Ngai Tahu Pepeha and mihimihi resource
Identifying ancestry and family links with a person’s tribal affiliations and whakapapa (genealogy) to the land via pepeha (formulaic expression of ancestral connections) is one of the most common and integral forms of identification in the Māori world: hence the common question “Nō hea koe?” translated as “Where are you from?” This scoping report will identify the issues Ngāi Tahu tribal members experience when seeking accurate information that informs individuals of their pepeha and supports their ability to engage appropriately at Māori events and to self-identify themselves and their marae (Ancestral building).
The completed Ngai Tahu pepeha project is available at http://www.ngaitahu.maori.nz
It is common for whakama (embarrassment) to be a barrier for Māori considering a visit to their marae for the first time when knowledge of pepeha is unknown. Māori with little to no knowledge of their pepeha are more than twice as likely not to visit their ancestral marae, compared to Māori who have the knowledge (Statistics New Zealand, 2014, p. 6).
Ngāi Tahu have the largest geographic region of all iwi (people) in New Zealand. Its boundaries span from near Blenheim to the bottom of Stewart Island (Te Runanga o Ngai Tahu Act, 1996). The 2013 Census figures show that over half of Ngāi Tahu tribal members live outside of the tribal area (Statistics New Zealand, 2014).
Unique to Ngāi Tahu iwi post treaty settlement era, marae and hapū (clan) were re-catergorised into five primary hapū represented by 18 papatipu rūnanga (authoritative tribal council of a specific tribal area) that people whakapapa (connect through genealogy) to, based on the 1848 Ngāi Tahu census (Ngai Tahu Maori Trust Board, 2002). Other iwi consider marae as the principal source of identification.

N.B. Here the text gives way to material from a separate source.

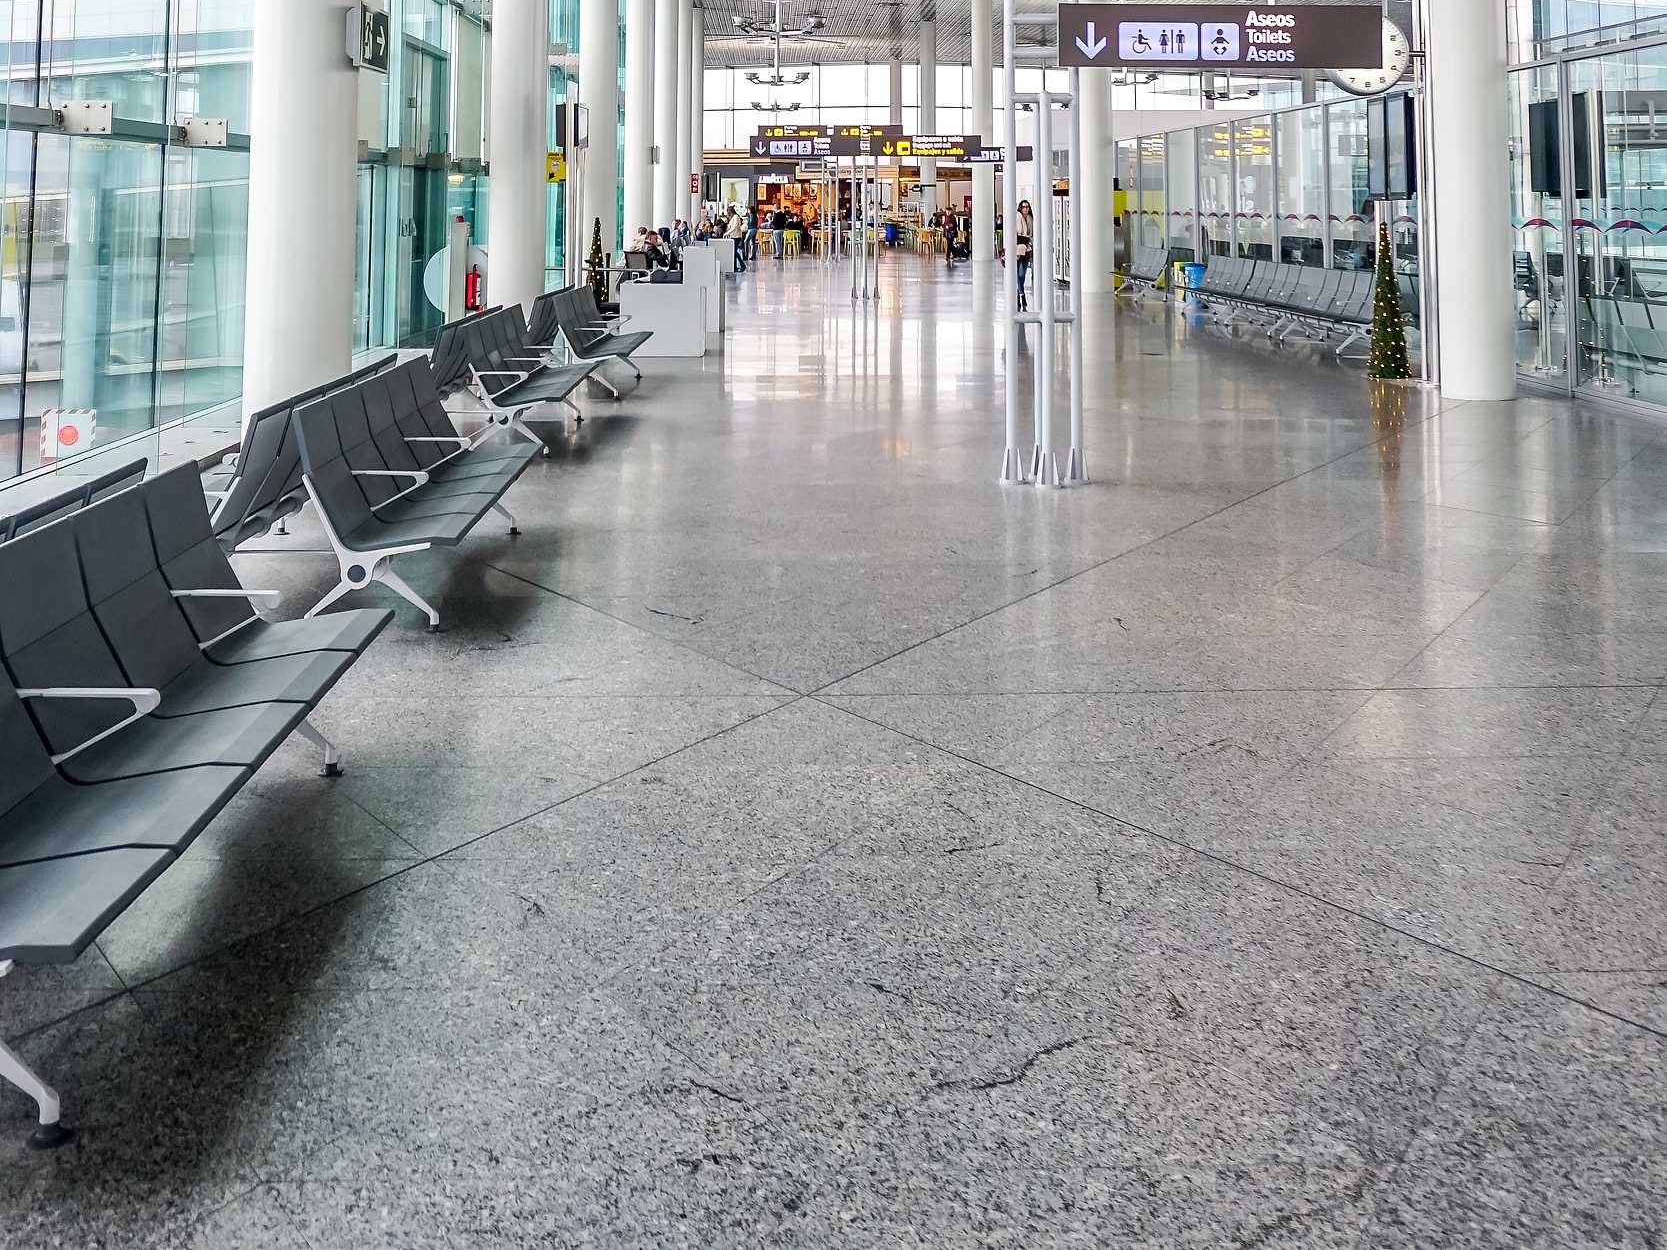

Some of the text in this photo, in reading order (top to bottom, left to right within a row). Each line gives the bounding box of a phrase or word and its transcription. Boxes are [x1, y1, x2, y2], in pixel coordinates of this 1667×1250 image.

The 18 papatipu Rūnanga of Ngāi Tahu whānui (extended family) and their respective takiwa (district) which encompass multiple marae, hapū and traditional landmarks are defined in law in with Te Runanga o Ngai Tahu (Declaration of Membership) Order 2001 (Te Runanga o Ngai Tahu Act, 1996). There is at least one exception to this where the marae Mangamanu in the Kaikoura district was ignored in law and subsequently was recognised as a sub-complex of Te Rūnanga o Kaikoura. Both marae retained their autonomy and independence.
Further exasperating the issues for Ngāi Tahu iwi members has been the emergence of marae, by taura here (Māori from other tribal areas) groups. This is evident in several main towns and cities in the Ngāi Tahu tribal area, such as the two marae Ngā Hau E Whā, Rehua in Christchurch and Hakatere Marae in Ashburton.